Handling dates in R, Google Capstone Project Cyclistic - r

I'm working on the Google Capstone Project (cyclistic, analysis of bike share data) part of the Google Data Analytics course on Coursera.
I'm having issues converting two variables to date format.
The public data are located here
I've downloaded the data from 202109 to 202208.
I am trying to convert the "started_at" and "ended_at" variables to date format, so that I can calculate durations and other measures. This is what I have so far:
library(readxl)
library(ggplot2)
library(dplyr)
library(psych)
library(tidyr)
library(chron)
library(tidyverse)
library(lubridate) #for date functions , helps wrangle data attributes
library(data.table)
library(janitor)
###################################################################################################
### CLEAR WORKSPACE AND SET DIRECTORY
###################################################################################################
rm(list = ls())
rm(list = ls(all.names = TRUE)) #will clear all objects includes hidden objects.
setwd("[...folder path containing the .csv files...]")
getwd()
dir() # Show all files in the working directory
###################################################################################################
### Set some useful functions
###################################################################################################
detach_package = function(pkg, character.only = FALSE)
{
if(!character.only)
{
pkg = deparse(substitute(pkg))
}
search_item = paste("package", pkg, sep = ":")
while(search_item %in% search())
{
detach(search_item, unload = TRUE, character.only = TRUE)
}
}
# Standard Error Function
stdErr = function(x) sd(x, na.rm = TRUE)/sqrt(length(x))
###################################################################################################
### LOAD and combine DATA
###################################################################################################
# I am loading all the .csv files individually to separate data.frames
data_01 = read.csv("202109-divvy-tripdata.csv")
data_02 = read.csv("202110-divvy-tripdata.csv")
data_03 = read.csv("202111-divvy-tripdata.csv")
data_04 = read.csv("202112-divvy-tripdata.csv")
data_05 = read.csv("202201-divvy-tripdata.csv")
data_06 = read.csv("202202-divvy-tripdata.csv")
data_07 = read.csv("202203-divvy-tripdata.csv")
data_08 = read.csv("202204-divvy-tripdata.csv")
data_09 = read.csv("202205-divvy-tripdata.csv")
data_010 = read.csv("202206-divvy-tripdata.csv")
data_011 = read.csv("202207-divvy-tripdata.csv")
data_012 = read.csv("202208-divvy-tripdata.csv")
# Combine all in one data.frame
totDb = rbind(data_01, data_02, data_03, data_04, data_05,
data_06, data_07, data_08, data_09, data_010,
data_011, data_012)
# Remove the individual datasets
rm(data_01, data_02, data_03, data_04, data_05,
data_06, data_07, data_08, data_09, data_010,
data_011, data_012); print("I've removed the original files")
###################################################################################################
### Remove NA an Duplicates
###################################################################################################
# Remove Missing Values
totDb_Clean = totDb %>%
filter(start_station_name!="") %>%
filter(end_station_name!="")
# remove duplicates
totDb_Clean = totDb_Clean[!duplicated(totDb_Clean$ride_id), ]
print(paste("Removed", nrow(totDb) - nrow(totDb_Clean), "duplicated rows"))
# Remove extra spaces, if any
totDb_Clean$started_at = str_squish(totDb_Clean$started_at)
totDb_Clean$ended_at = str_squish(totDb_Clean$ended_at)`
###################################################################################################
### Convert to date and calculate the ride duration
###################################################################################################
This is where I am having troubles.

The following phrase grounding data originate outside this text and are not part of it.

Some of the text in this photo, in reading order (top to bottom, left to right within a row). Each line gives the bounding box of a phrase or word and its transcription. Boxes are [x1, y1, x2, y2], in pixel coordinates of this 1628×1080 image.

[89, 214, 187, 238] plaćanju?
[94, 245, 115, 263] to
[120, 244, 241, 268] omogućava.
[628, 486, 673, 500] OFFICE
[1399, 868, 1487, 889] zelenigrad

I have tried to convert these variables to date in several ways but nothing seems to work. Here are some of my attempts:
1)
totDb_Clean$date = as.Date(totDb_Clean$started_at)
totDb_Clean$week_day = format(as.Date(totDb_Clean$date), "%A")
totDb_Clean$month = format(as.Date(totDb_Clean$date), "%b_%y")
totDb_Clean$year =format(totDb_Clean$date,"%Y")
totDb_Clean = totDb_Clean%>%
mutate(started_at = ymd_hms(as_datetime(started_at)),
ended_at = ymd_hms(as_datetime(ended_at)))
Convert to date
totDb_Clean2$started_at = as.POSIXct(totDb_Clean$started_at, tz = "GMT6", format = "%m/%d/%Y %H:%M")
totDb_Clean2$ended_at = as.POSIXct(totDb_Clean$ended_at, tz = "GMT6", format = "%m/%d/%Y %H:%M")
None of these approaches seems to be working. Any help is appreciated, thank you for your time!

Related

R and Lapply to import excel documents but ignore some documents that are not correct format

I am new to R as of today so this may be simple, but I can not find a solution anywhere.
I am trying to loop through .xlsx files, format them and then bind them into one dataset I think it is called. It works, however, there are a few files that have different row names and amounts of rows. Which then breaks the formatting and thus ends the loop. I would like these files to be ignored when the formatting and binding happens and possibly printing to the console the name of the file.
This is what I have so for and feel free to ask questions if I don't make sense.
library(readxl)
library(tidyr)
library(tidyverse)
library(janitor)
setwd("~:/Users/sam/Desktop/Information_engineering/traffic")
my_files <- list.files(pattern = ".xlsx", recursive = TRUE)
traffic_congestion = lapply(my_files, function(i){
my_data = read_excel(i, sheet = 1, range = "A6:H1446")
my_data_location = read_excel(i, sheet = 1, range = "A1:A2")
my_data <- na.omit(my_data)
my_data <- pivot_longer(my_data, cols=2:8, names_to = "Date_day", values_to = "Amount")
colnames(my_data) <- c("times", "dates", "Amount")
my_data$dates <- excel_numeric_to_date(as.numeric(my_data$dates))
my_data$times <- strftime(as.Date(my_data$times), format = "%H:%M:%S")
my_data <- my_data %>% mutate(location = my_data_location[1])
my_data
})
traffic_congestion = do.call("rbind.data.frame", traffic_congestion)
This is the top of the spreadsheet that I want to bind
This is the top of the spreadsheet that I don't want to bind
Try with
library(data.table)
rbindlist(traffic_congestion, fill = T)

Open .mol files and compiling information

I'm trying to create a program that opens a lot of files (.mol), and copies specific information from those files and saves it into a spreadsheet (TAB delimited files '\t').
I have 10000 mol files on my computer that look like SN00000001 SN00000002 SN00000003 ... SN00010000.
(download link => http://bioinf-applied.charite.de/supernatural_new/src/download_mol.php?sn_id=SN00000001)
I have two questions:
I already tried to use function load.molecules (rcdk) and ChemmineR (loadsdf) but I did not succeed to open a .mol file in R.
It´s possible to open each .mol file and save specific information such as "ID", "Name", "Molecular Formula" it into a unique spreadsheet using R?
Ok, I will send you the code
# get the full path of your mol files
mol_files <- list.files(path = file.path(getwd(), "/Users/189919604/Desktop/Download
SuperNatural II/SN00000001"), # specify your folder here
pattern = "*mol",
full.names = TRUE)
# create tibble, with filenames (incl. the full path)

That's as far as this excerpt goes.